What you will do: Each entry below must be given again word for word, with no pictures.

Top of Task material

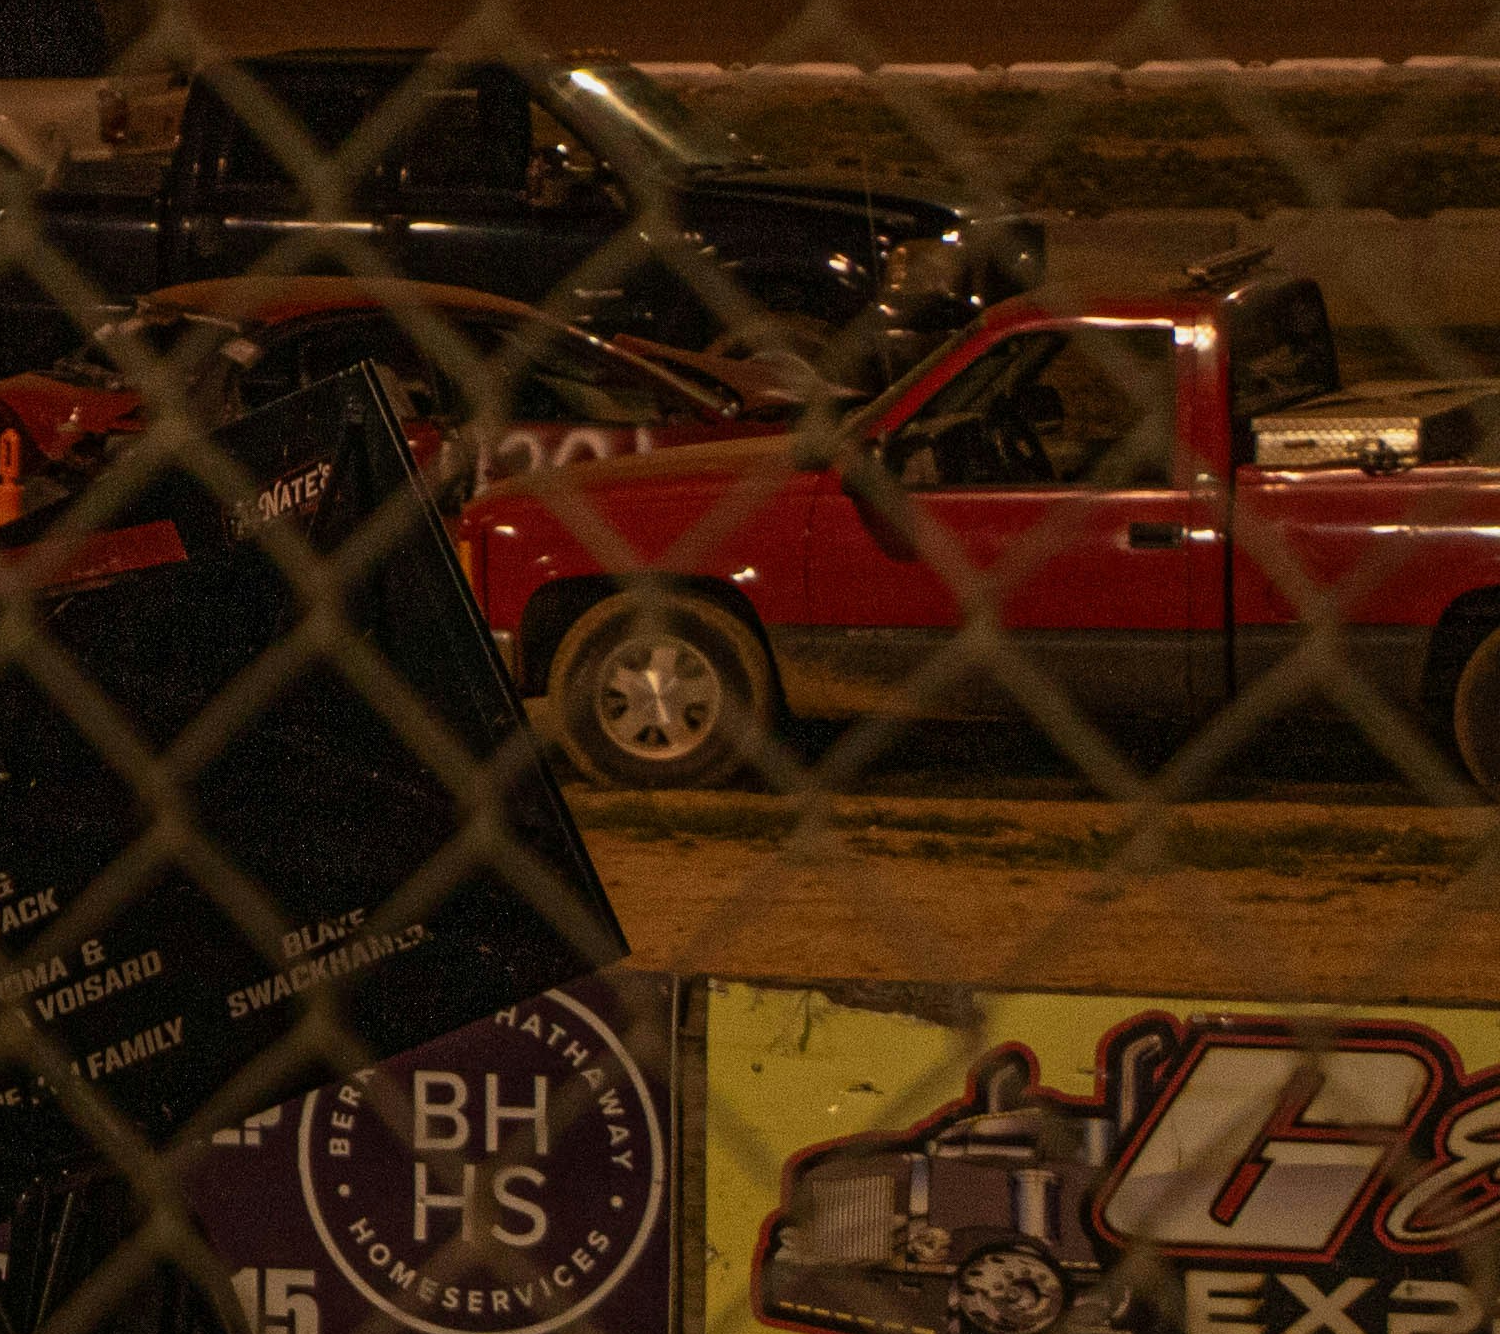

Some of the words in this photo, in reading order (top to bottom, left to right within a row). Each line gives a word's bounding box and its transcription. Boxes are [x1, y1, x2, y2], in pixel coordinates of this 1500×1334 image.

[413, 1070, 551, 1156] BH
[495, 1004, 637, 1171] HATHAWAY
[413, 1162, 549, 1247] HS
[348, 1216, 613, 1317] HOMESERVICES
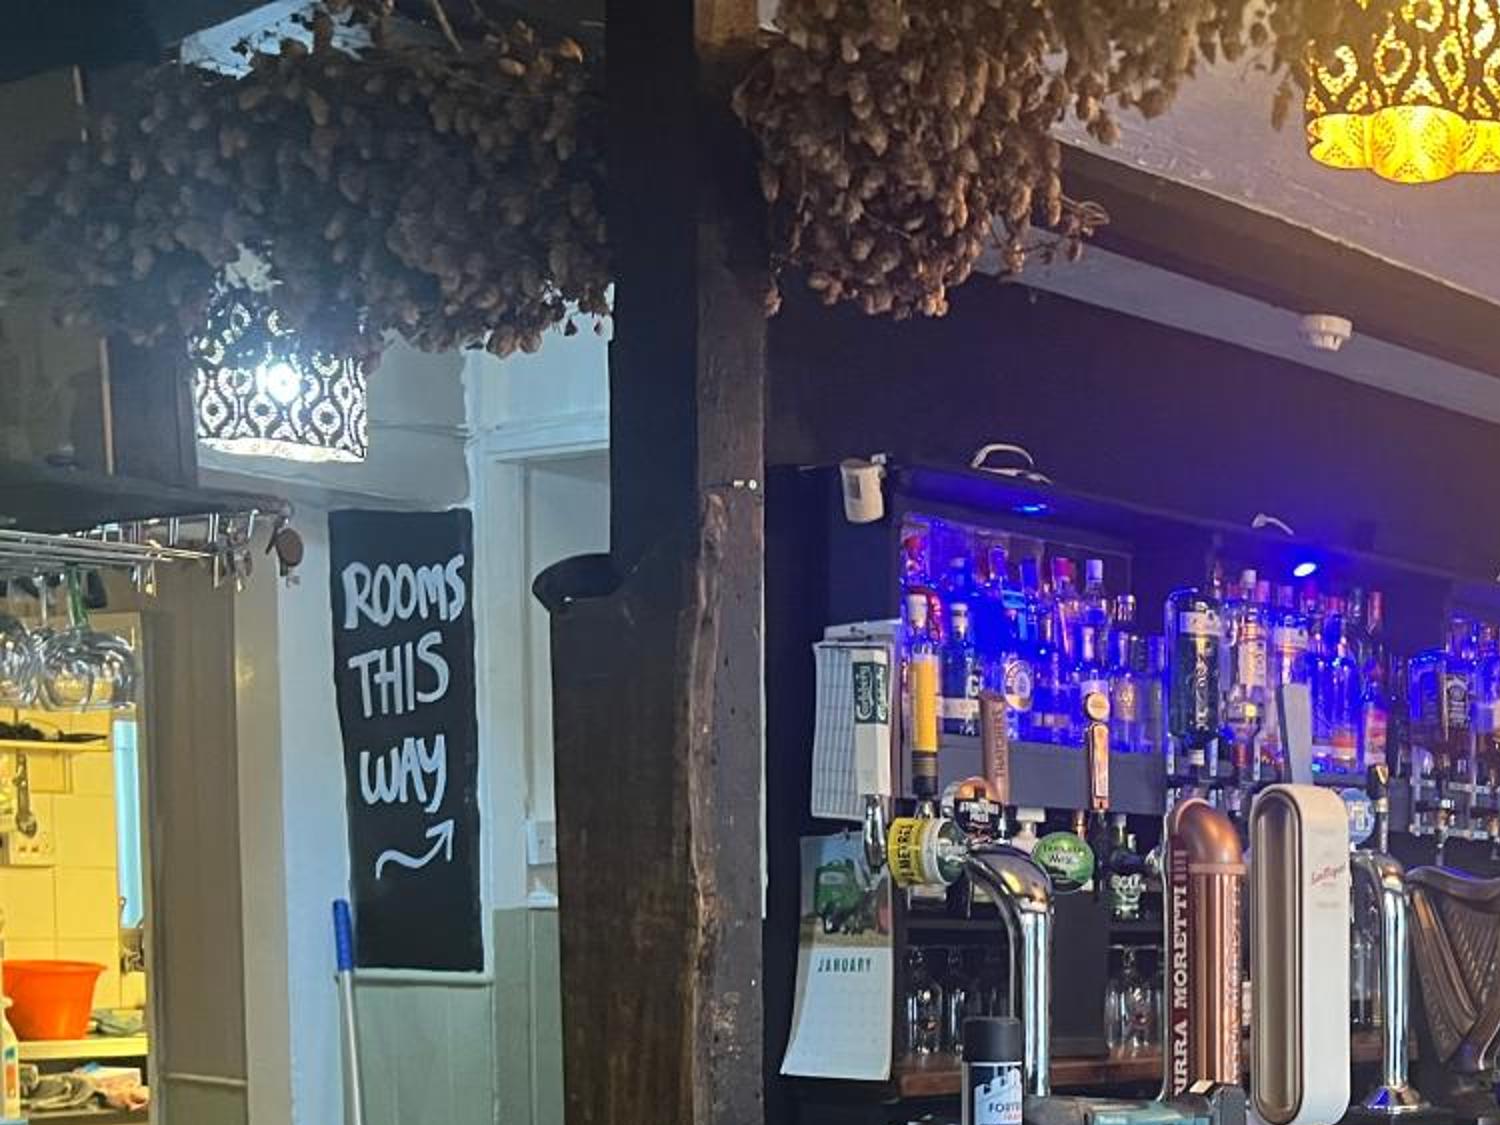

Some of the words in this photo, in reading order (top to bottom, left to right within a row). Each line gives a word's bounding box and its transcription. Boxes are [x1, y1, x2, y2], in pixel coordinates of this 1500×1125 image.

Bottom of Task material

Reply to the task:
Some of the words in this photo, in reading order (top to bottom, left to right within a row). Each line gives a word's bounding box and its transcription. Boxes are [x1, y1, x2, y2], in pixel coordinates of this 1500×1334 image.

[413, 1070, 551, 1156] BH
[495, 1004, 637, 1171] HATHAWAY
[413, 1162, 549, 1247] HS
[348, 1216, 613, 1317] HOMESERVICES

Some of the words in this photo, in reading order (top to bottom, left to right within a row). Each line gives a word's bounding box and its transcription. Boxes are [x1, y1, x2, y2], in pixel coordinates of this 1500×1125 image.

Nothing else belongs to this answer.